If learning something new was easy everyone would do it.

One of the reasons I love working with school districts and teachers over a long term basis is that you get to really dig in and do the work.

I have started many presentations over the past year with this:

“Raise your hand if you were ever taught in your pre-service program what learning looked like in a 1:1 environment?”

“Raise your hand if you were ever taught classroom management strategies in a 1:1 environment?”

“Raise your hand if in your Master’s degree you learned teaching and learning strategies for a 1:1 environment?”

“Raise your hand if the curriculum you have to teach from was created for a 1:1 teaching and learning environment?”

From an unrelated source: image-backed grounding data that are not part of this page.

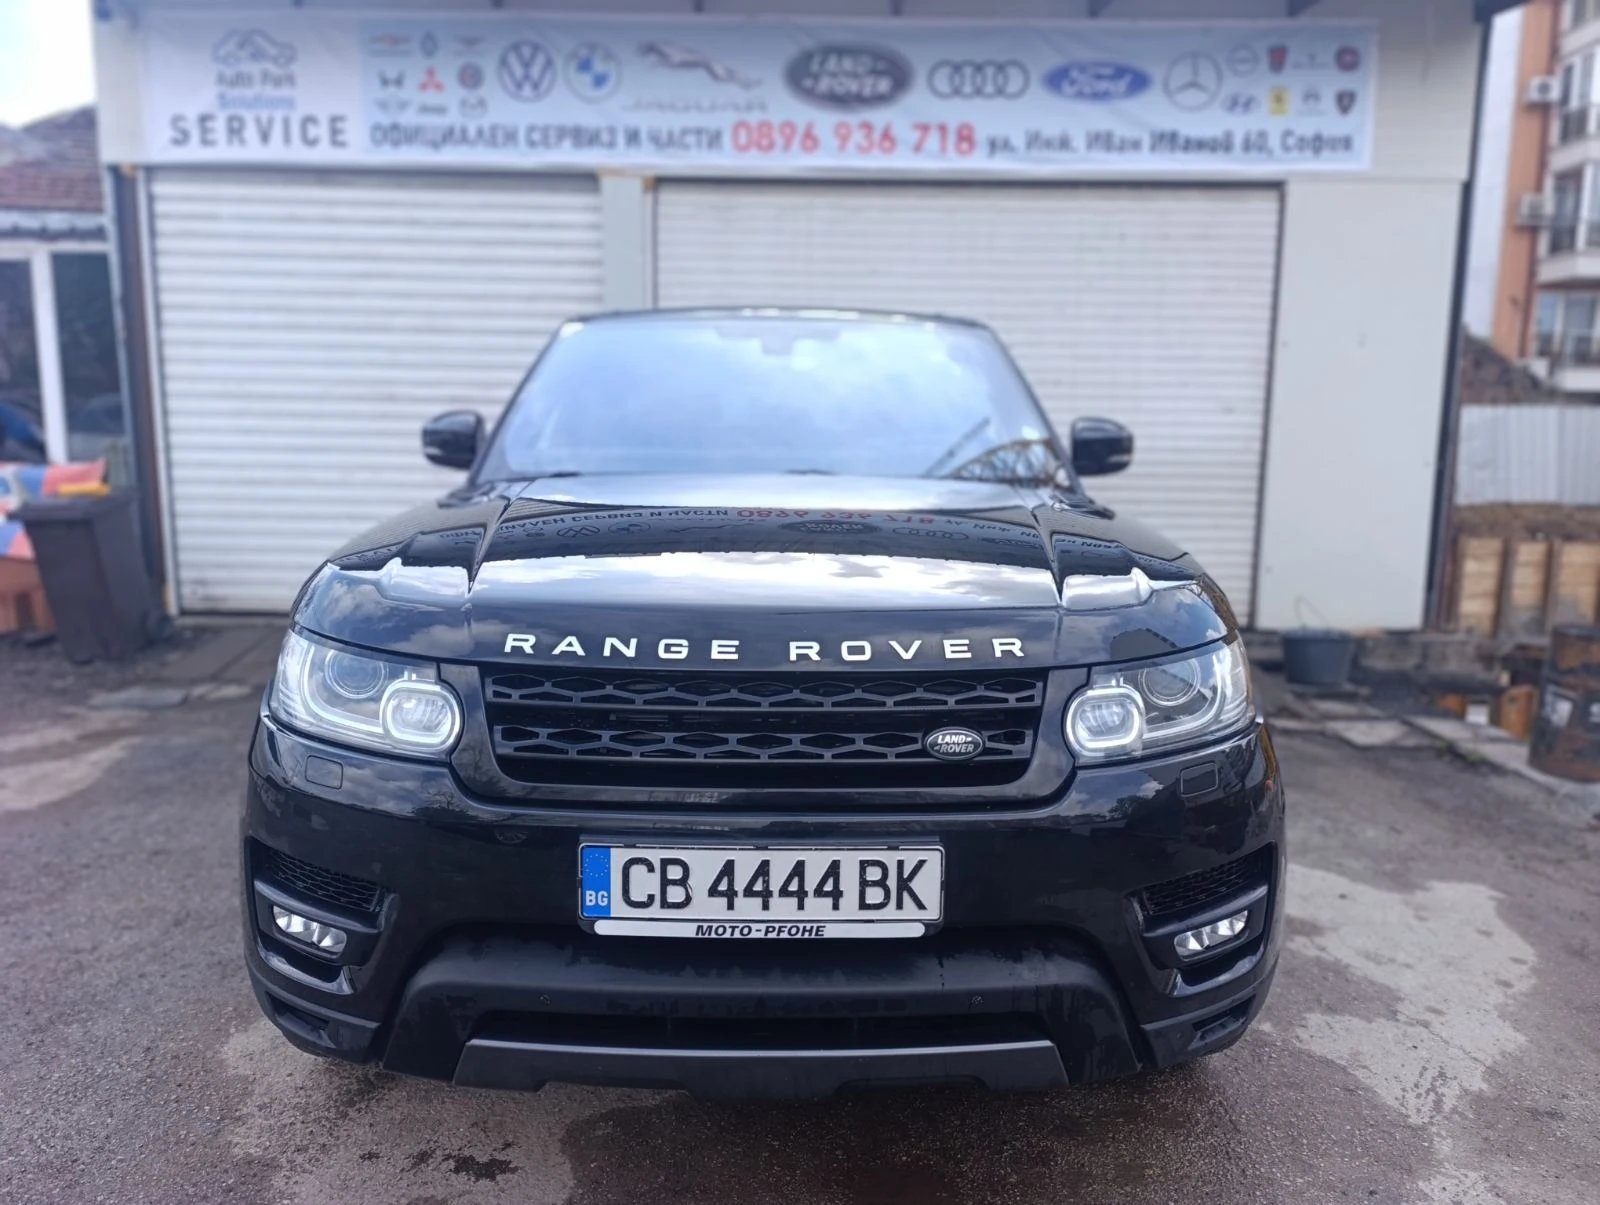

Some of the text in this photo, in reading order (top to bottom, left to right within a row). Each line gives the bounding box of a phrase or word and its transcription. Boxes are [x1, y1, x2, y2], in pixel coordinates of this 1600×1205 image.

[815, 75, 894, 98] ROVER
[1060, 67, 1138, 95] Ford
[169, 113, 350, 148] SERVICE
[369, 122, 519, 151] ОФИЦИАЛЕН
[525, 123, 617, 150] СЕРВИЗ
[624, 125, 641, 150] И
[647, 126, 723, 150] ЧАСТИ
[731, 119, 820, 155] 0896
[833, 122, 897, 155] 936
[911, 123, 976, 156] 718
[504, 633, 1025, 661] RANGE ROVER
[937, 734, 966, 744] LAND
[939, 743, 975, 753] ROVER
[621, 856, 928, 912] CB 4444 BK
[585, 890, 608, 907] BG
[695, 924, 826, 938] MOTO-PFOHE
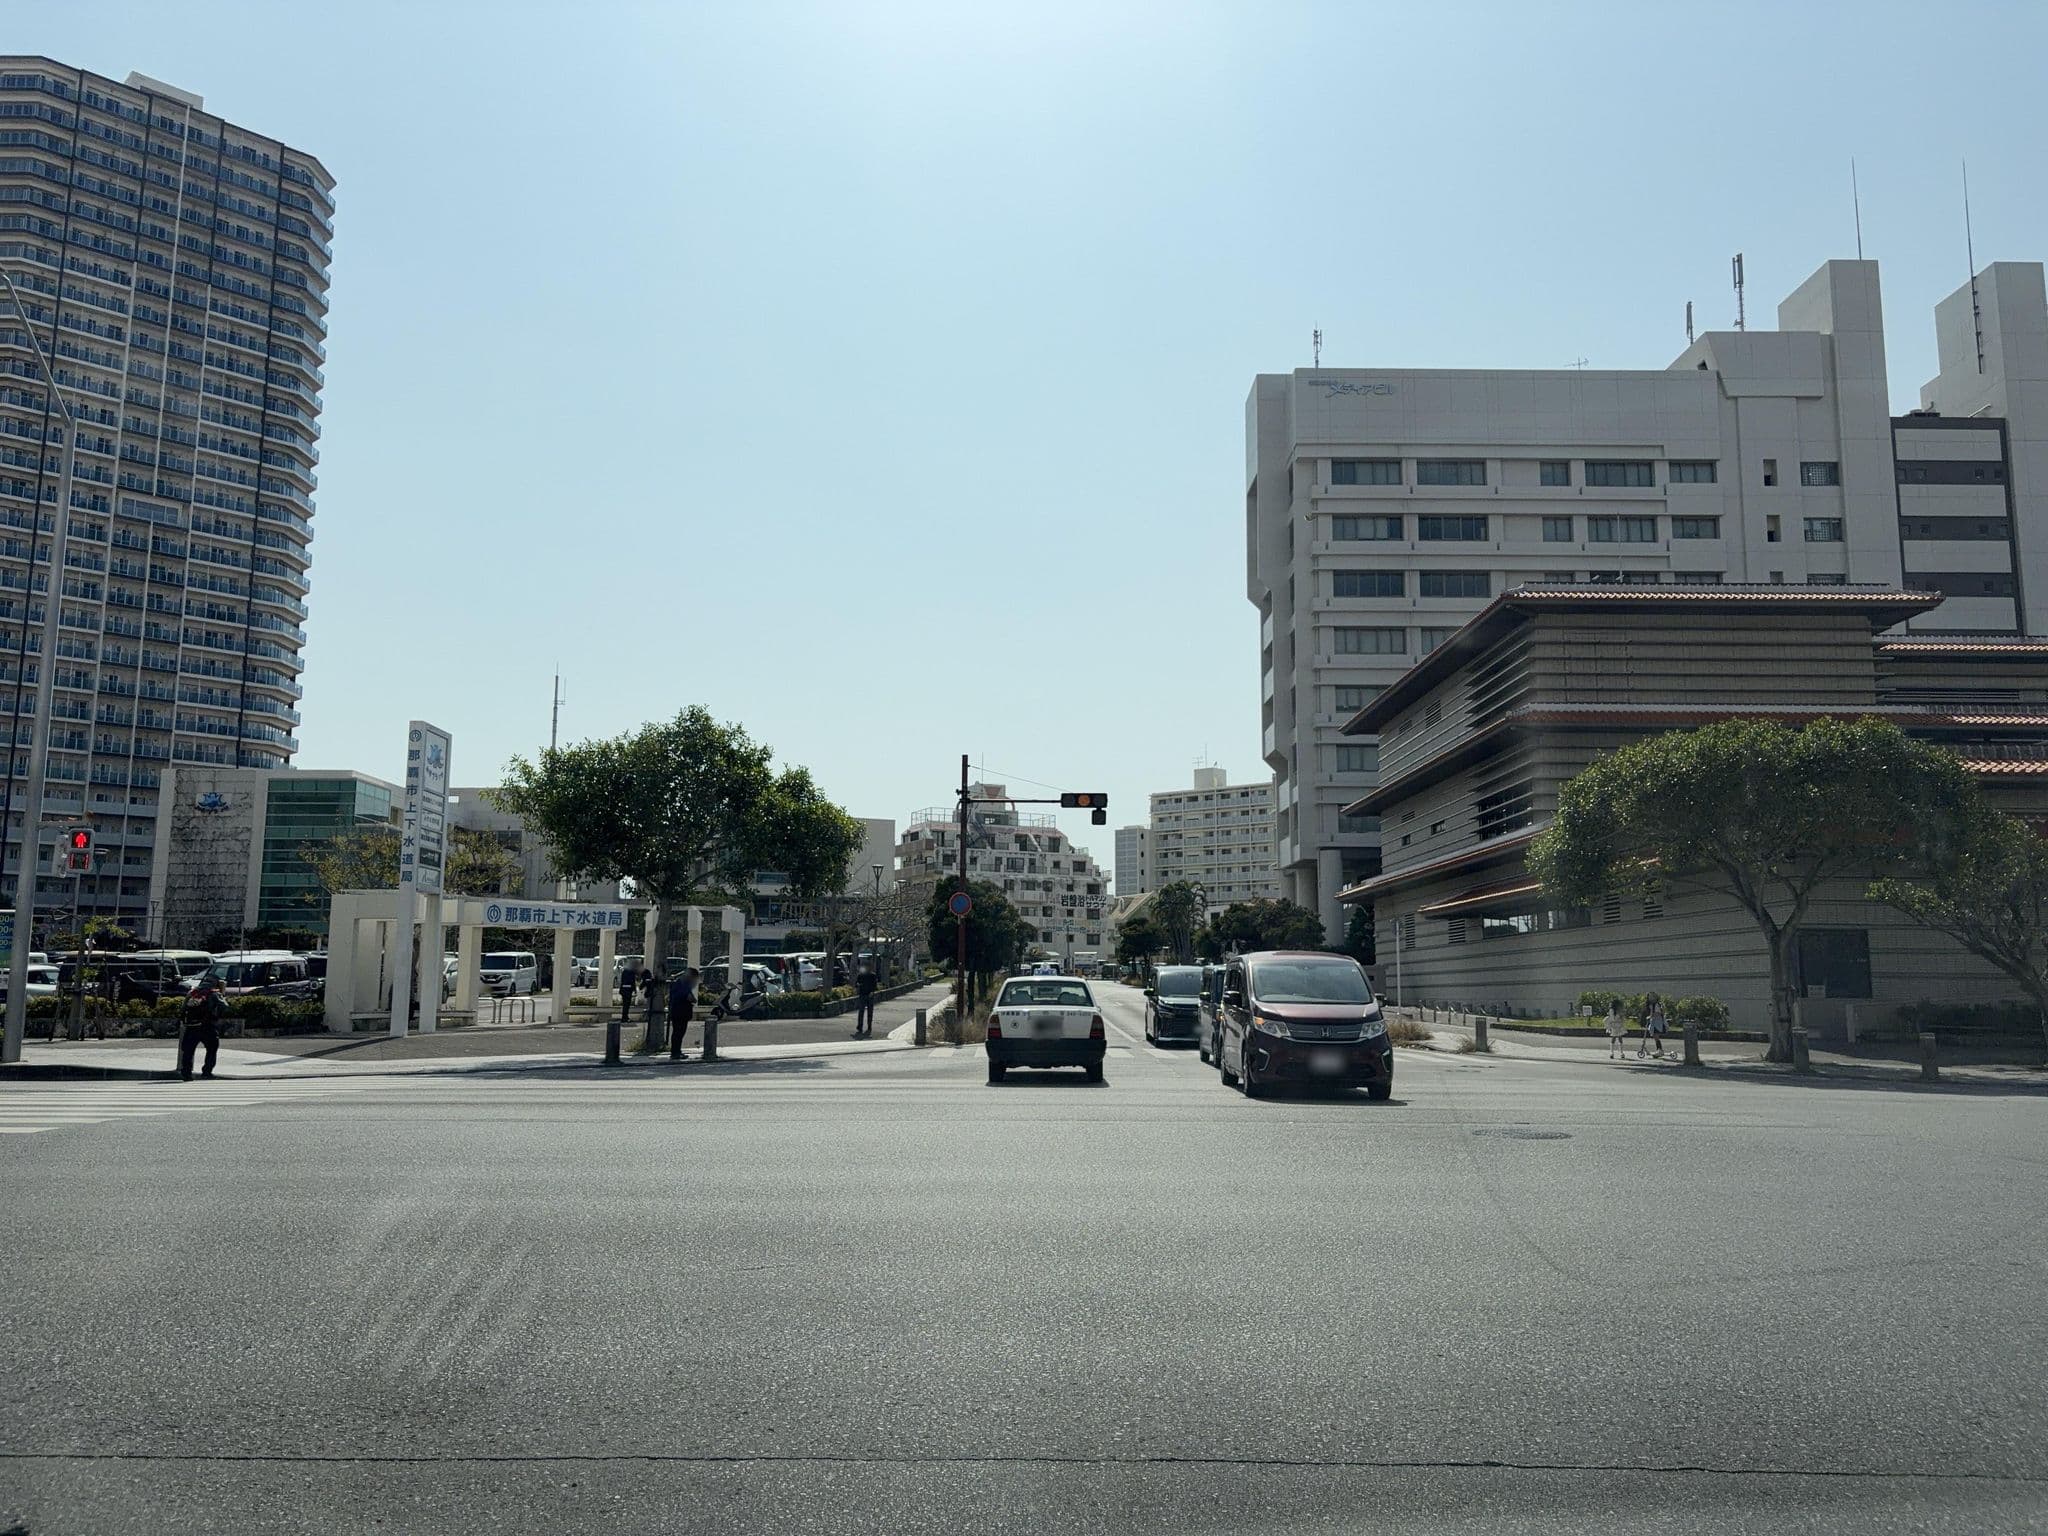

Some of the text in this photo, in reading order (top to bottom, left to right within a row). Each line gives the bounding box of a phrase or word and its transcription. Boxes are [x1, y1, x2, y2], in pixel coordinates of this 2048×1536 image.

[401, 749, 421, 883] 那覇市上下水道局
[1061, 893, 1085, 907] 岩盤浴
[505, 906, 623, 926] 那覇市上下水道局

In the past year I’ve asked these questions to hundreds of educators. The only question that ever sees a hand go up is the Master’s degree and even then we’re talking 1 or 2 in a staff of 300+.

Teachers from Marysville School District pitching their unit ideas

Teachers from Marysville School District pitching their unit ideas

Here’s the thing….once your school or district decides to go 1:1 everything changes. The curriculum in a moments notice needs upgrading. Your classroom management changes, and what we can do, know that we need to do, and how learning happens all changes. It changes in ways that most educators were never taught to teach in.

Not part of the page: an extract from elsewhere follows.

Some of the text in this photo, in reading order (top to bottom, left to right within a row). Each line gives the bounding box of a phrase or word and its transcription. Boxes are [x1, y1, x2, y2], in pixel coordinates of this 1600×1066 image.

These are the reasons long-term focused PD sessions need to be implemented once a school decides to go 1:1. No one-off conference or one-off PD day is going to be able to address the deep pedagogical shifts that happen once every student has access to the Internet the moment they want to learn something. It changes everything.

School leaders need to understand that investing in this type of long-term, pedagogically focused PD is the difference between devices becoming replacement for paper and pencil and becoming something transformational in the classroom.

It’s not a teacher’s fault that they don’t know how things change, because chances are they were never taught to be prepared for this change. So for better or worse we have to “go back to school” and learn how to adapt our teaching methods, ideas, and understandings to a new connected classroom where we have leveled the content knowledge playing field.

We have to “do the work” to be OK with this and to become learners again ourselves. To open our minds and understand we’re not saying any one is a bad teacher-there isn’t judgement. We’re saying we changed the landscape on you and with that comes a new way to approach learning.

Schools need to understand when they decide to go 1:1 they must make sure to invest pedagogically in their teachers as well. Not PD focused on devices and software but focused on new ways of learning and understanding what the 4 C’s really mean in today’s connected world.

1 Comment

  1. There is a very strong tendency amongst teachers of all ages to recreate their own school days, mainly because 15 years spent being taught a particular way leaves its mark.

    So, with the best will in the world, we are asking a lot of ourselves to see clearly what needs to be done now that ‘we have changed the landscape on you’. One available reaction is to refuse to notice and to try follow the same paths one has always taken.

    You are right, Jeff, to say that we must not judge those who find the new landscape difficult to adapt to. It’s not like any of us can say we know for sure what will happen next, nor whether what we are doing right now is the best way. And if we ignore, as some do, the resisters, and preach only to the choir, we will be guilty of wasting our greatest resource: good teachers.